También existen ciertas pautas emocionales que parecen determinar que las personas tiendan a encontrar consuelo emocional en unas substancias más que en otras. Hay, por ejemplo, dos caminos diferentes que conducen al alcoholismo. El primero de ellos se inicia cuando una persona que ha tenido una infancia llena de tensión y ansiedad descubre —por lo general en la adolescencia— que el alcohol le permite mitigar la sensación de ansiedad.
Es frecuente que estas personas —generalmente varones— sean, a su vez, hijos de alcohólicos que también recurren a la bebida para tratar de calmar su nerviosismo. Uno de los indicadores biológicos de esta pauta es la hiposecreción de GABA, uno de los neurotransmisores que regulan la ansiedad. Cuanto menor es el nivel de GABA, mayor es el índice de tensión que experimenta el individuo. Cierto estudio puso de manifiesto cíue los hijos de padres alcohólicos presentan un bajo nivel de GABA y, en consecuencia, son sumamente ansiosos. Pero cuando estas personas ingieren alcohol, su nivel de GABA aumenta en la misma proporción en que disminuye su sensación de ansiedad. Los hijos de alcohólicos, pues, beben principalmente para aliviar la tensión y descubren en el alcohol una sensación de liberación que no saben conseguir de otro modo. Este tipo de personas es asimismo muy vulnerable al abuso de sedantes combinados con el alcohol, que también potencian el descenso del nivel de ansiedad.

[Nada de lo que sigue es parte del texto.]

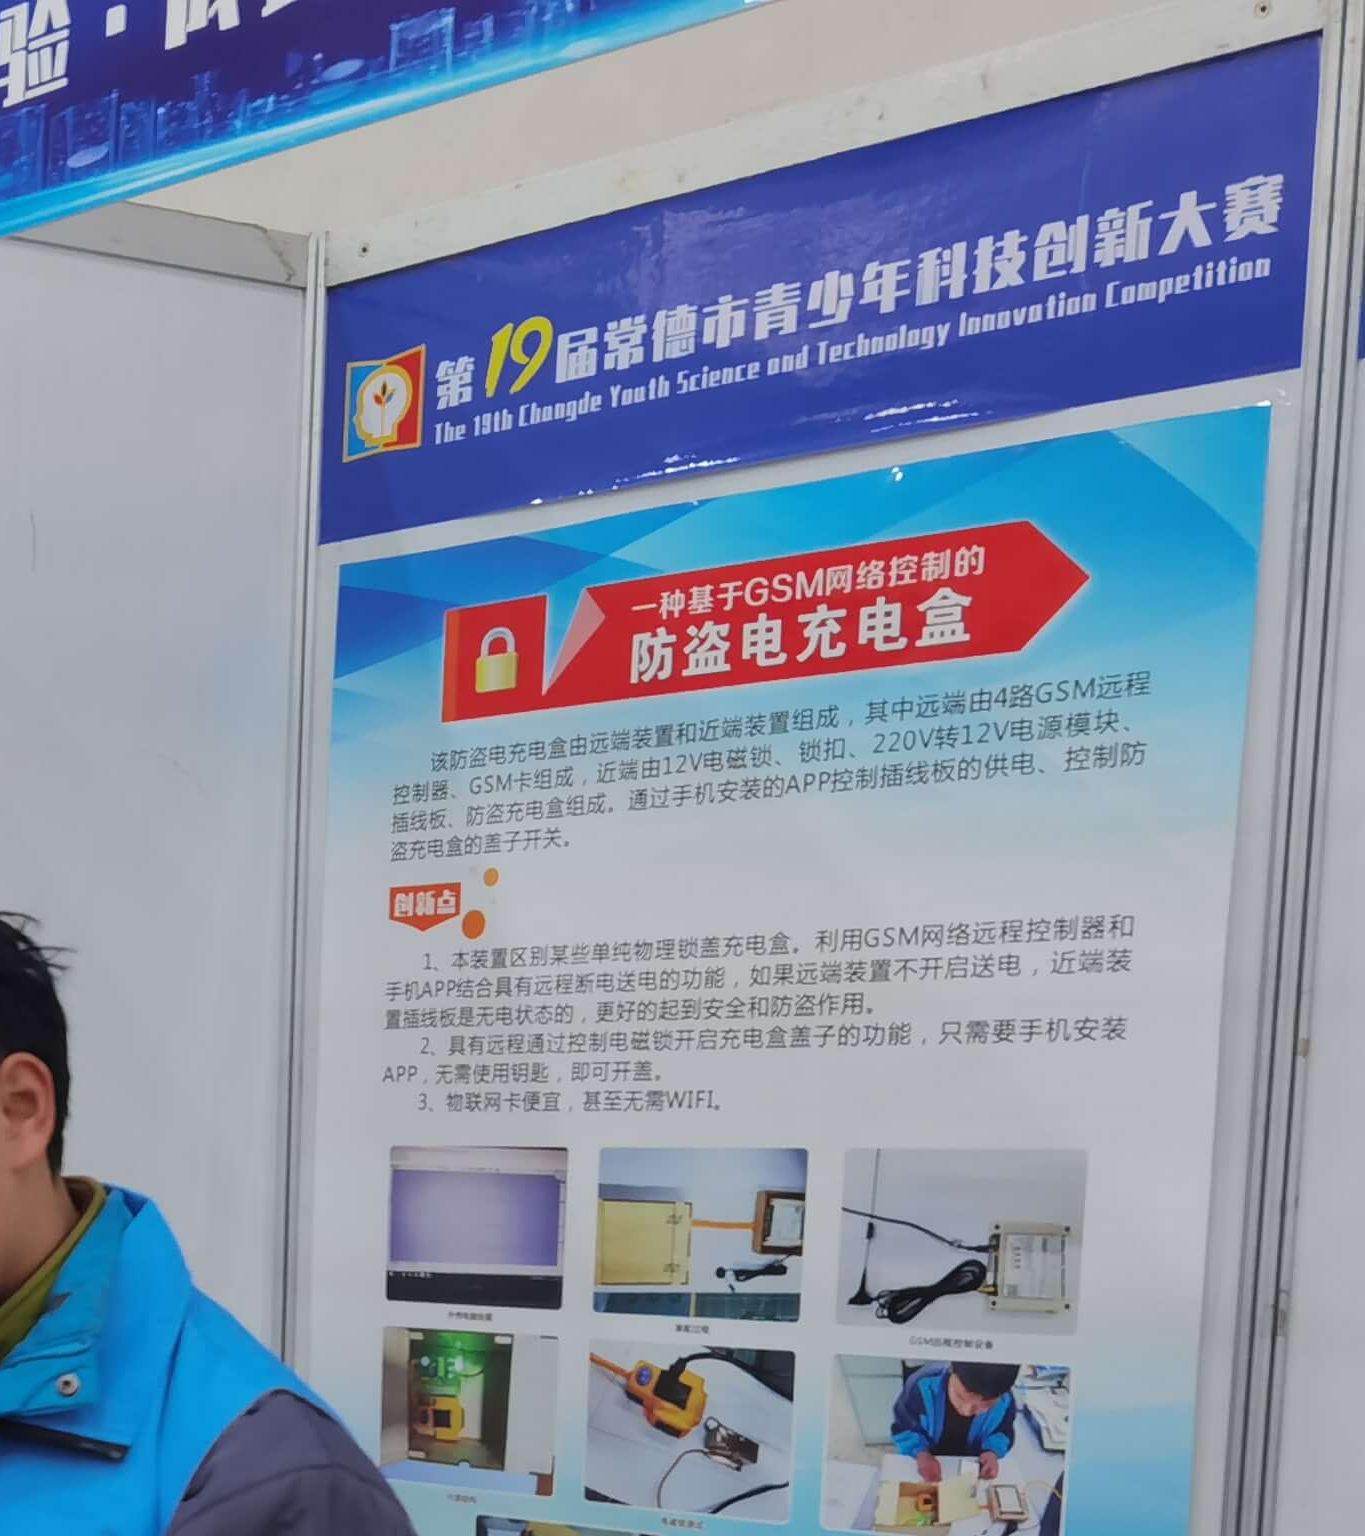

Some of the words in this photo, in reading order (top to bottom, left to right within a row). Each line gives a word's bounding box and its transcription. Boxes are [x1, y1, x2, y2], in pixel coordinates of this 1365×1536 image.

[436, 173, 1285, 410] 第19届常德市青少年科技创新大赛
[434, 420, 467, 446] The
[473, 408, 513, 437] 19th
[518, 390, 603, 429] Changde
[609, 376, 670, 409] Youth
[676, 359, 760, 395] Science
[767, 347, 809, 376] and
[816, 321, 951, 366] Technology
[958, 292, 1098, 339] Innovation
[1104, 256, 1272, 309] Competition
[630, 544, 987, 618] 一种基于GSM网络控制的
[629, 587, 973, 686] 防盗电充电盒
[390, 826, 570, 863] 盗充电盒的盖子开关。
[394, 890, 457, 918] 创新点
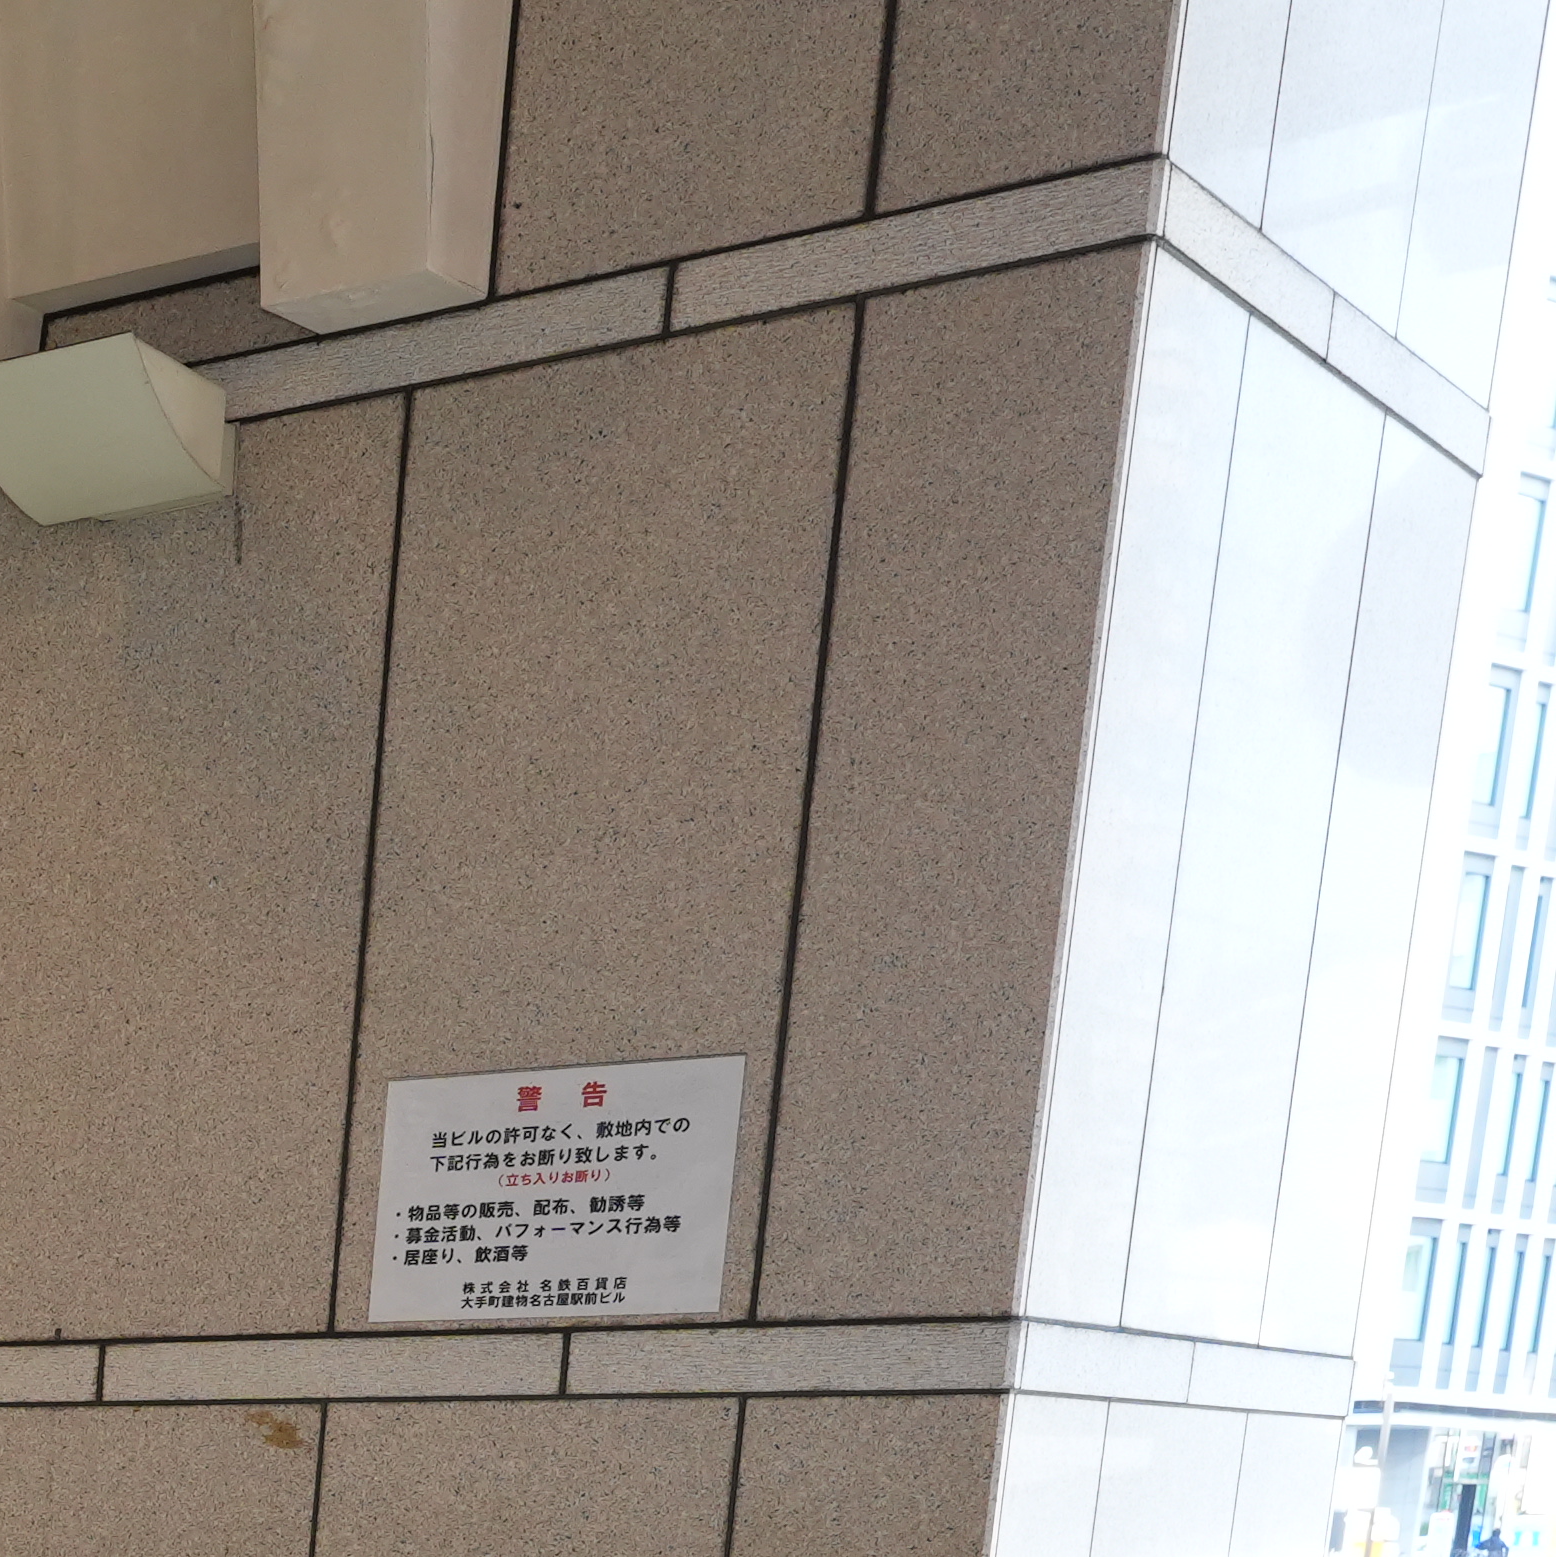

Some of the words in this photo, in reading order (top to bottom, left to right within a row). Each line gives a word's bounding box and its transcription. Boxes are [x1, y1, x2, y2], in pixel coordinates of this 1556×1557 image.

Un estudio neuropsicológico llevado a cabo con hijos de alcohólicos que a la temprana edad de doce años evidenciaban ya claros síntomas de ansiedad (como un marcado aumento del ritmo cardíaco en respuesta al estrés o una elevada impulsividad) demostró que estos niños presentaban un pobre funcionamiento del lóbulo frontal. Esto significa que pueden confiar menos que otros chicos en aquellas áreas cerebrales que podrían ayudarles a paliar la ansiedad o a controlar la impulsividad. Y, dado que los lóbulos prefrontales también afectan al funcionamiento de la memoria —permitiendo, por ejemplo, tener bien presentes las consecuencias de las rutas de acción a que nos conduce una determinada decisión—, esta carencia constituye un camino directo al alcoholismo que les lleva a tener exclusivamente en cuenta los efectos sedantes inmediatos del alcohol sobre la ansiedad y les impide sopesar adecuadamente sus efectos negativos a largo plazo.
Esta búsqueda desesperada de calma parece ser el indicador emocional de una susceptibilidad genética hacia el alcoholismo.